Il terrazzo, incassato tra i tetti dei palazzi signorili, è arredato come un piccolo salotto da esterno, con due comode sedie a sdraio di legno chiaro affiancate e un tavolino in vetro e ferro battuto. Ci sono piante aromatiche in vaso lungo tutto il perimetro, mentre sul lato opposto alla porta un graticcio di legno accoglie alcune rose rampicanti. Dalla mia posizione riesco a vedere Ponte Vecchio, ancora illuminato, e un braccio dell'Arno, che si allontana verso il ponte successivo. I rumori delle auto da quassù sono ovattati come in un giorno di neve, perciò tutto quello che riesco a sentire viene da dentro di me.
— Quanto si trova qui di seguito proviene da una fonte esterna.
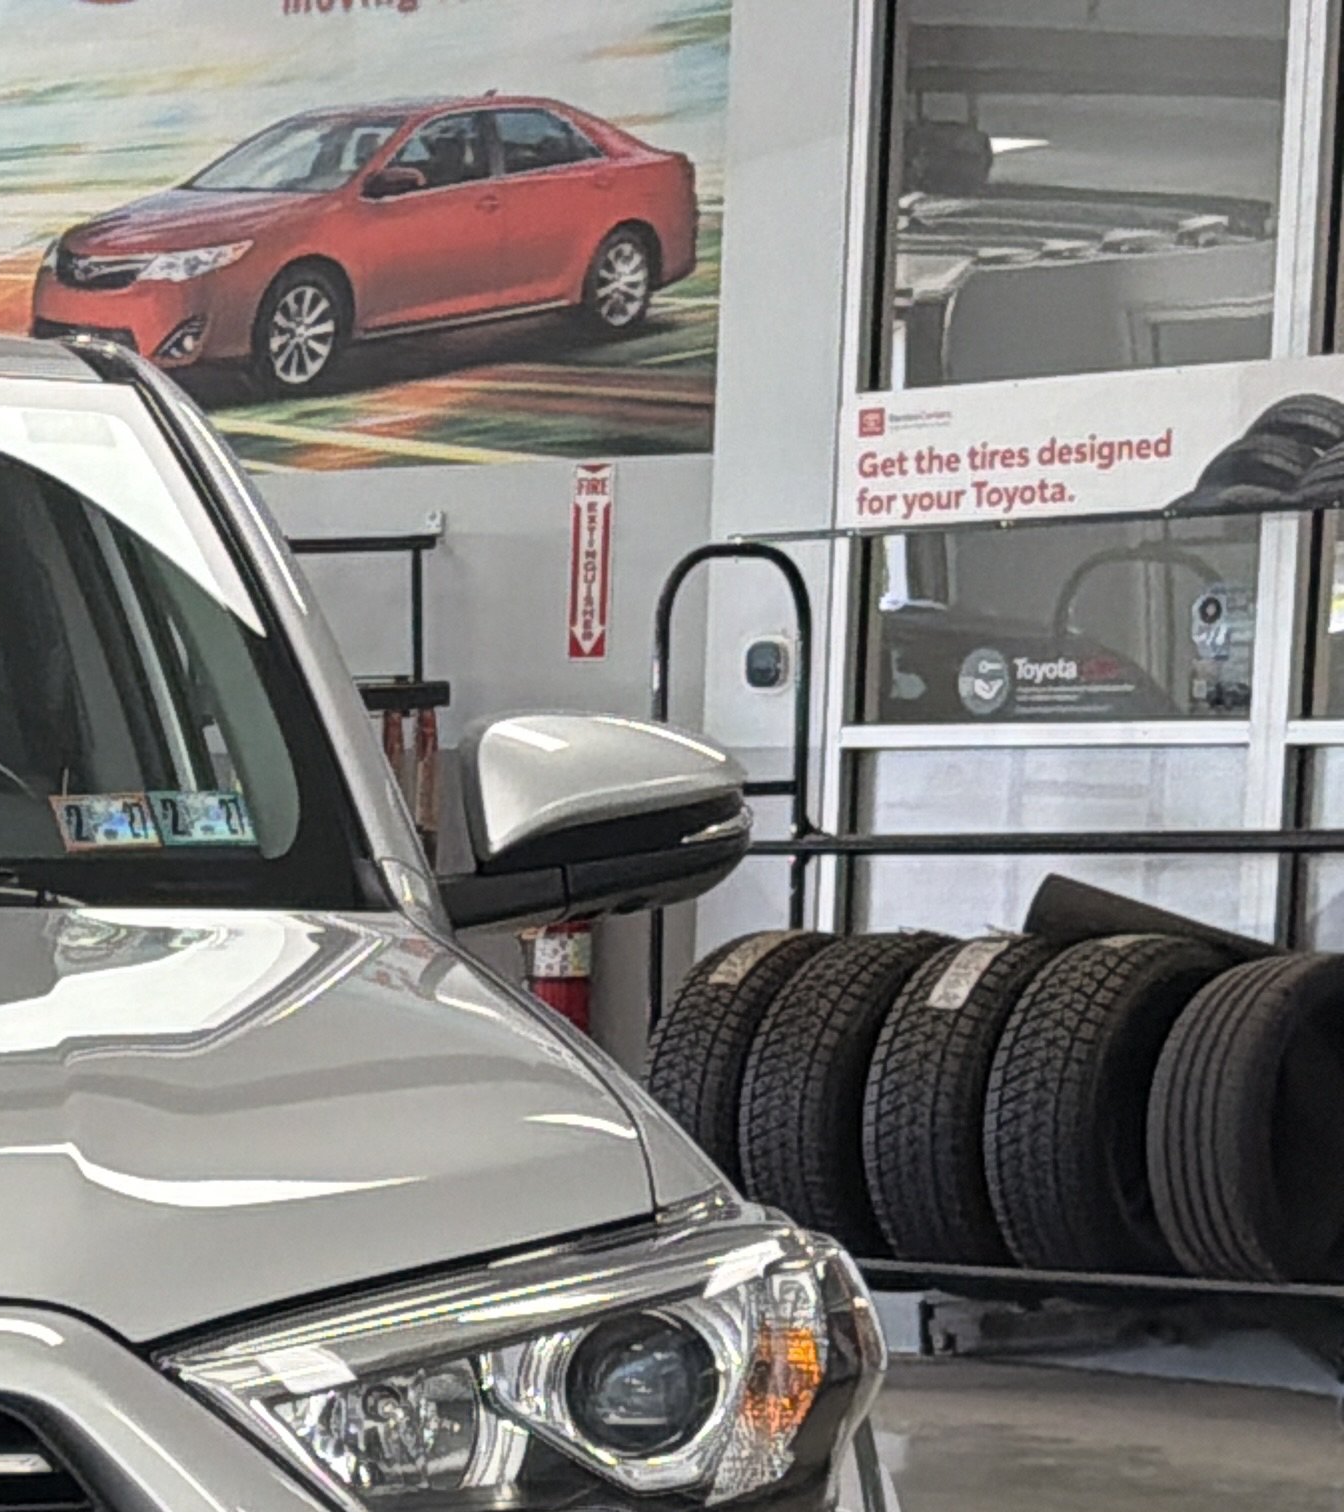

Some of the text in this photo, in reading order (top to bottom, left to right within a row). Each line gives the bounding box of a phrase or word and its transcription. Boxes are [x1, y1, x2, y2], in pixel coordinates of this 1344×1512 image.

[858, 427, 1173, 478] Get the tires designed
[577, 477, 609, 496] FIRE
[856, 479, 1076, 519] for your Toyota.
[1013, 657, 1078, 683] Toyota
Ho il cuore che batte impazzito.

"Incredibile" sussurro appena, cercando di dissimulare l'emozione.

Giulia sorride soddisfatta e va a prendere la trapunta bianca appoggiata sotto il tavolino per avvolgersela addosso, prima di lasciarsi cadere felice su una delle due sdraio.

"Andre, vieni...non puoi capire...è bellissimo il cielo da qui..."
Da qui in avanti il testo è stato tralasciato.